Tuesday, September 06, 2011

We talk with musicians, artists and arts administrators about the challenge of creating art in the wake of the September 11th attacks. Guests include Daniel Felsenfeld, one of the composers behind the upcoming Music After concert, and Nancy Schafer, executive director of the Tribeca Film Festival. And, we open the phones to find out how 9/11 changed your creative life.

 

 

 

 

 

 

Guests:

Daniel Felsenfeld and Nancy Schafer

Comments [14]

Alex from NYC

Why aren't the relatively few WNYC comments on Soundcheck screened adequately? The comment by the below troll should have been removed by now. Leonard Lopate himself trawls the comments left on his segments after he goes off the air!

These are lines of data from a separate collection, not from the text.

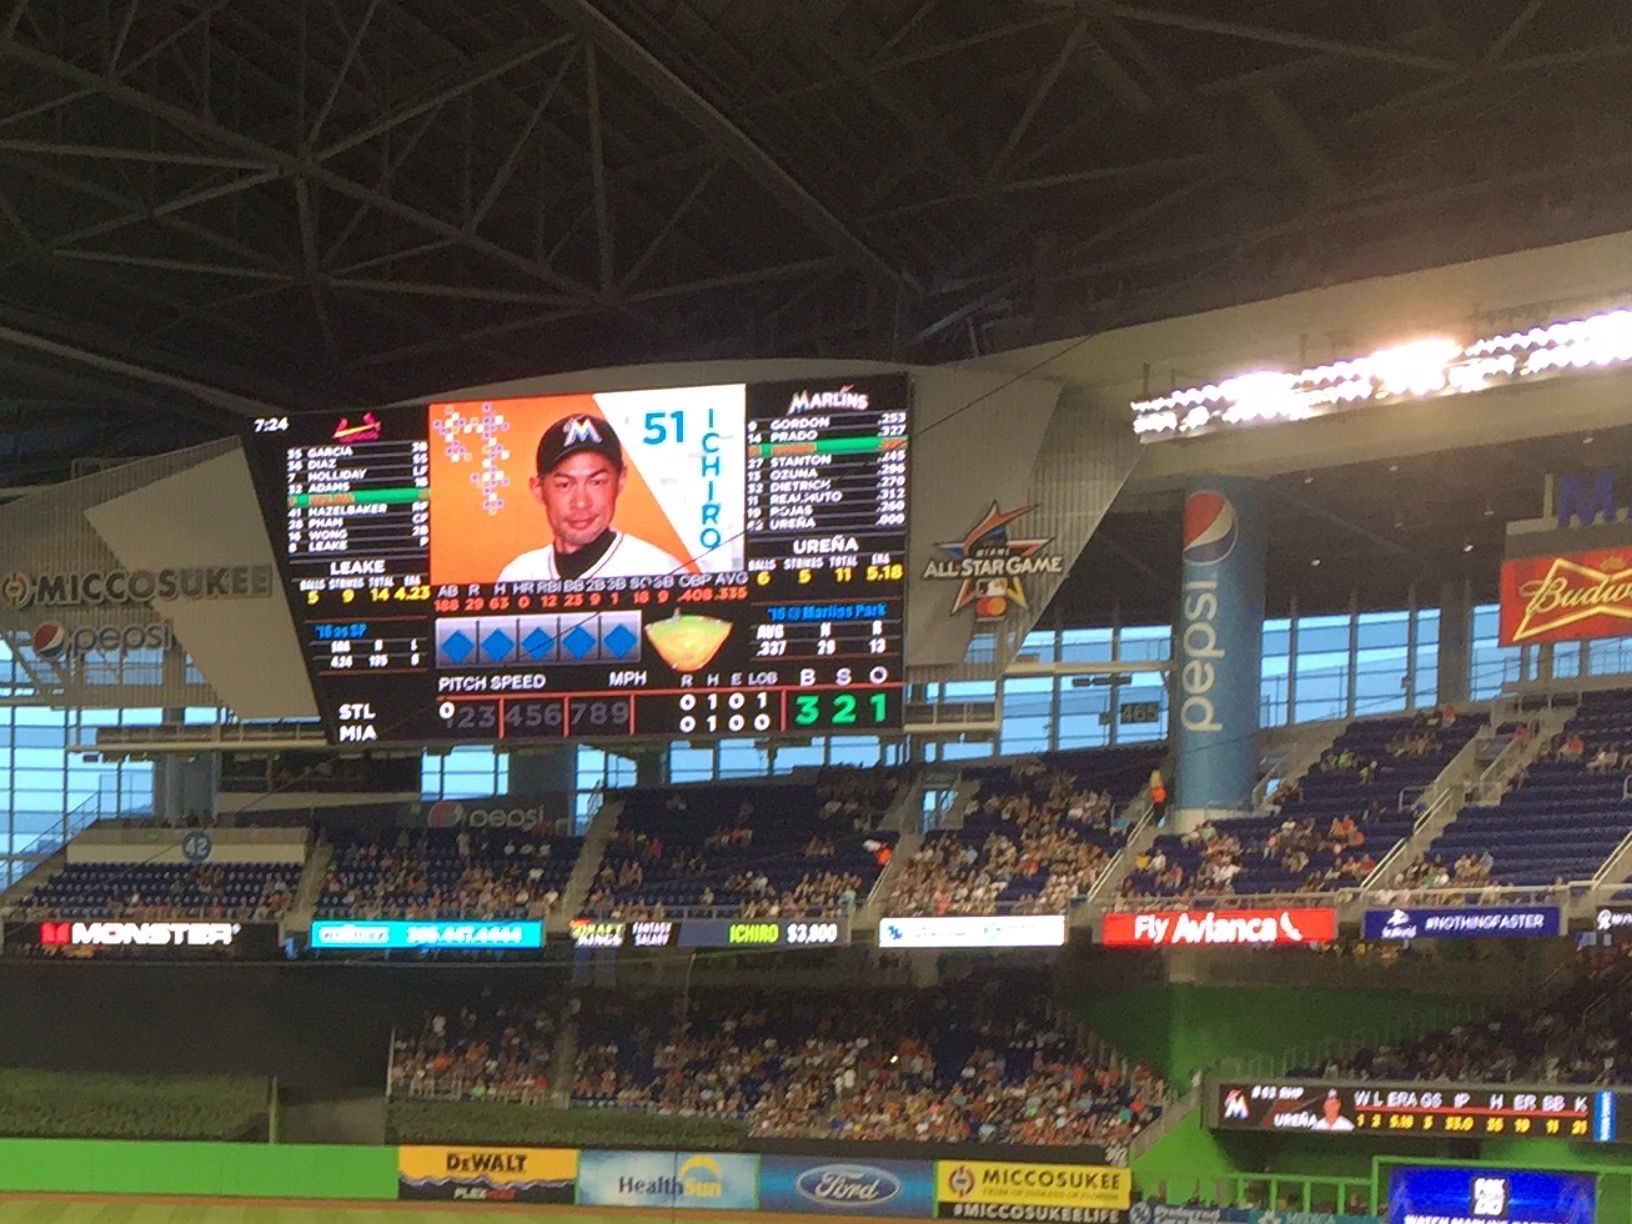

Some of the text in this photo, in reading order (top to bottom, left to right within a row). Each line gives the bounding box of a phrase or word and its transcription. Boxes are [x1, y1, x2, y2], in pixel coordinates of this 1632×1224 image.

[787, 388, 869, 415] MARLINS
[254, 417, 289, 433] 7:24
[643, 410, 685, 446] 51
[770, 416, 830, 430] GORDON
[748, 425, 906, 444] 14 PRADO .327
[307, 446, 353, 458] GARCIA
[748, 454, 832, 469] 27 STANTON
[287, 459, 337, 472] 36 DIAZ
[288, 465, 428, 484] 7 HOLLIDAY LF
[748, 468, 818, 482] 13 OZUNA
[288, 481, 351, 495] 32 ADAMS
[699, 407, 722, 551] ICHIRO
[748, 476, 905, 494] 32 DIETRICH .270
[748, 495, 758, 506] 11
[877, 488, 905, 500] .312
[288, 503, 387, 518] 41 HAZELBAKER
[770, 504, 813, 516] ROJAS
[308, 517, 344, 528] PHAM
[769, 516, 816, 530] UREÑA
[308, 529, 348, 540] WONG
[308, 536, 428, 552] LEAKE P
[793, 535, 859, 554] UREÑA
[330, 560, 386, 576] LEAKE
[1006, 555, 1063, 575] GAME
[37, 565, 272, 603] MICCOSUKEE
[437, 571, 748, 598] AB R H HR RBI OBP AVG
[757, 564, 903, 586] 6 5 11 5.18
[307, 585, 431, 604] 5 9 14 4.23
[518, 591, 619, 609] 0 12 23 1
[802, 602, 887, 620] Marlins Park
[71, 619, 174, 658] pepsi
[1180, 580, 1226, 733] pepsi
[438, 671, 647, 692] PITCH SPEED MPH
[680, 666, 887, 688] R H E LOB B S O
[338, 692, 767, 721] STL 0 0 1 0 1
[458, 693, 887, 728] 2 3 4 5 6 7 8 9 3 2 1
[1122, 705, 1159, 723] 465
[339, 713, 770, 742] MIA 0 1 0 0
[470, 806, 544, 833] pepsi
[185, 837, 208, 856] 42
[1134, 911, 1276, 943] Fly Avianca
[1425, 914, 1545, 931] #NOTHINGFASTER
[71, 922, 237, 945] MONSTER
[729, 924, 778, 943] ICHIRO
[1354, 1090, 1588, 1112] W L ERA IP H ER K
[1546, 1119, 1560, 1134] 11
[815, 1172, 880, 1201] Ford
[982, 1169, 1120, 1190] MICCOSUKEE
[953, 1203, 1120, 1224] #MICCOSUKEELIFE
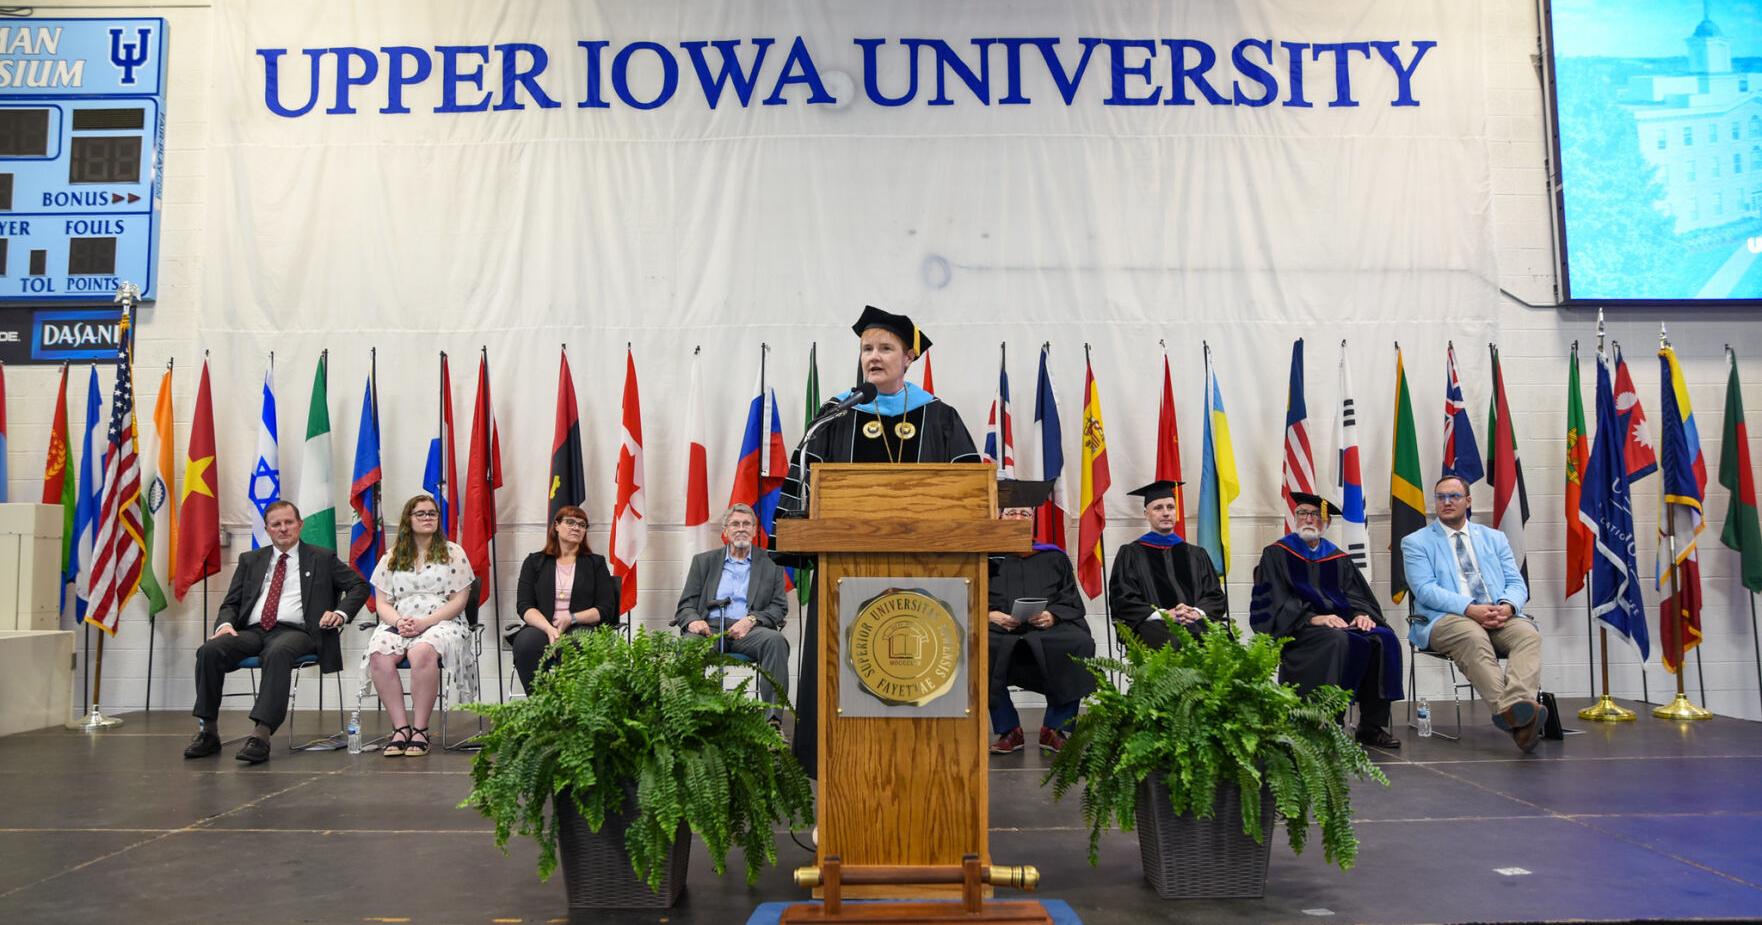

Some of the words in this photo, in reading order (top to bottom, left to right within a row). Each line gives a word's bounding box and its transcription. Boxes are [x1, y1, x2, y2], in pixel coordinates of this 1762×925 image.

Don't you folks at SC have an intern or two who could spend 5 minutes a day doing this for Soundcheck too?

Sep. 07 2011 02:47 PM
barent

the fact that some country artists of a certain political persuasion, found it all too easy, to not exercise any restraint,in writing right after 911; and, gratuitously politicizing the event,has disturbed, though not surprized me.

Sep. 07 2011 09:48 AM
Chris Giarmo from Brooklyn, NY

My first day of college at New York University was September 11, 2001. I was studying Drama at the Experimental Theater Wing and witness the attacks from Washington Square Park on my way to my first studio class.

Now I primarily compose music for and perform in theater productions, but am currently working on my first solo album. I've never composed or created anything in direct response to 9/11, but the experiences I had on that day and the days to follow have had profound influence on my art. 9/11 made me a New Yorker. It forged a connection between myself and the city I have since called home. I write music as a New Yorker, and constantly marvel at the beauty of it's structures and the profound generosity of its residents - themes that often appear in my work for my new album.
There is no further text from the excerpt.